Still, though it lacks sophistication, looking at my last paragraph I think vulgar is too strong an adjective for Yellow Tail. Even pedestrian perhaps may be too strong.  My main problem with it goes back to the anti-corporate philosophy which is not black and white. It also goes back to my belief in conservative, Old-World winemaking. Yellow Tail is clearly New-World, but there is no problem with New-World in itself, as it can be made conservatively as Ravenswood proves. In fact in the process of writing this post I had shared the last post on a web forum and I was told I was being a bit hypocritical in my censure of corporations. But the objections were a bit unfair. Is someones moral opposition to say Apple or Google hypocritical because they use it? No, that is a very fallacious accusation. We can't avoid corporations completely and so it's like politics--you work with the opposition but oppose them nevertheless. Only zealots and idealists think in black and white and they never get anything done. Though on the other side Francis Underwood forgets everything but power, because as Lord Voldemort would say, that's all there is.

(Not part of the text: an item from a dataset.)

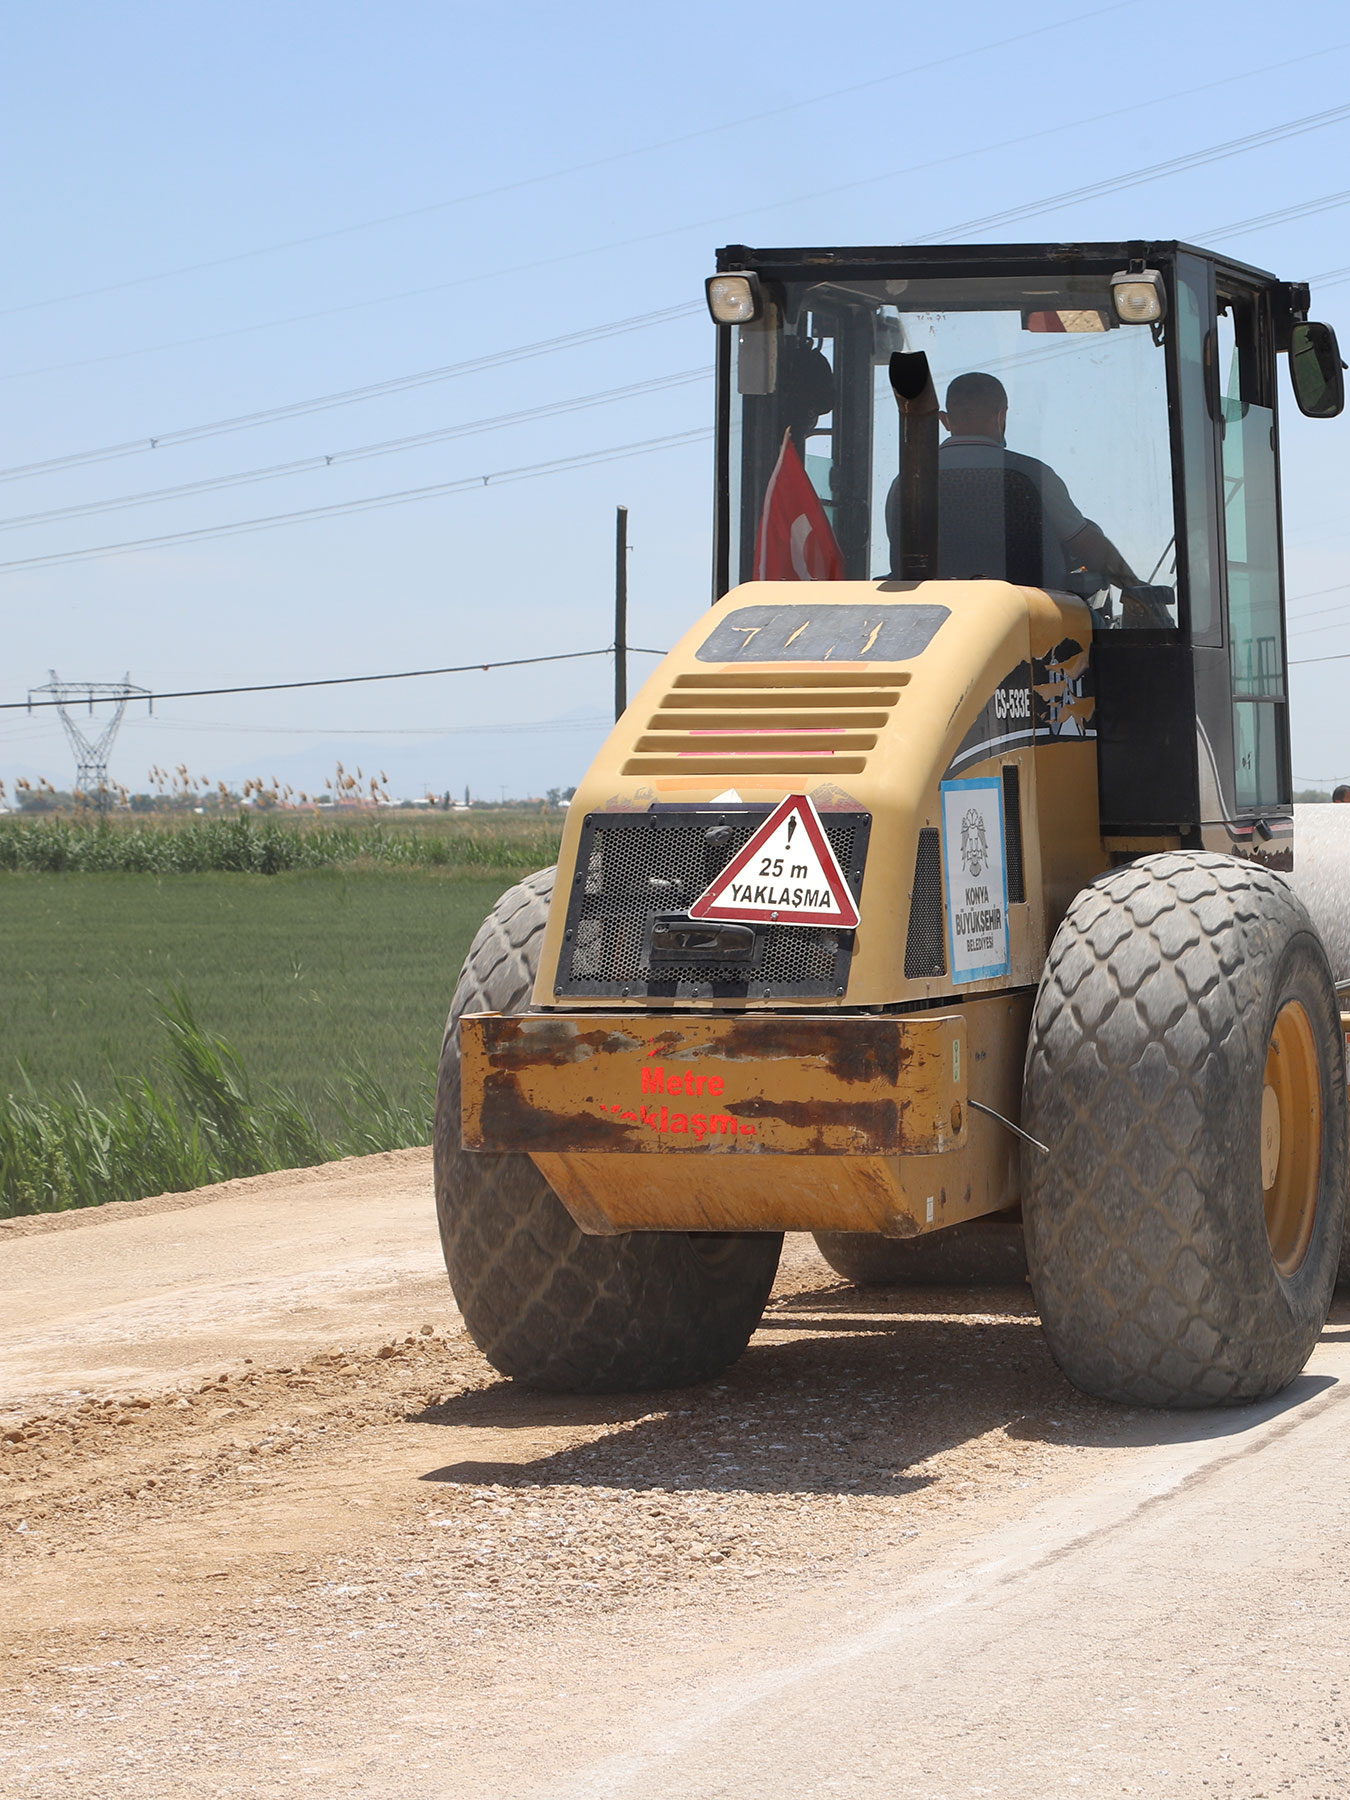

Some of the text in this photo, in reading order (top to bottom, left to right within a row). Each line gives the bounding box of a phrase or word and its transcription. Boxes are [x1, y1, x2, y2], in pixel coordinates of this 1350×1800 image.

So why do I drink Yellow Tail? Well, one because I rather like it, but also because in the cheap wines, it is very good. I would prefer something more conservative. But I have to go with what I can afford. Besides the last thing lovers of wine want to be is snobs. A lot of expert wine tasters have done blind tastes of cheap wine to which they give a very high rating and when they find out what it is they are surprised. So above all else it is never black and white. If it seems that way from whatever I post, forgive me. In fact in my next post I am going to write on three $10 and under wines.Then perhaps sometime later try some box wines because I do think there are some rather decent ones. Box wines are convenient for going to the park and other such places where a bottle would get in the way. Or for a big party where it is more cost efficient.

By they way, remember to subscribe to this blog and pass it along. Cheers!


PS....I understand that Yellow Tail is family owned and all that (a thing to be praised), but it is of a corporate nature. They are sold en masse, and though very well made, still are part of the en masse spirit of corporate wine. Wikipedia explains it best how they operate.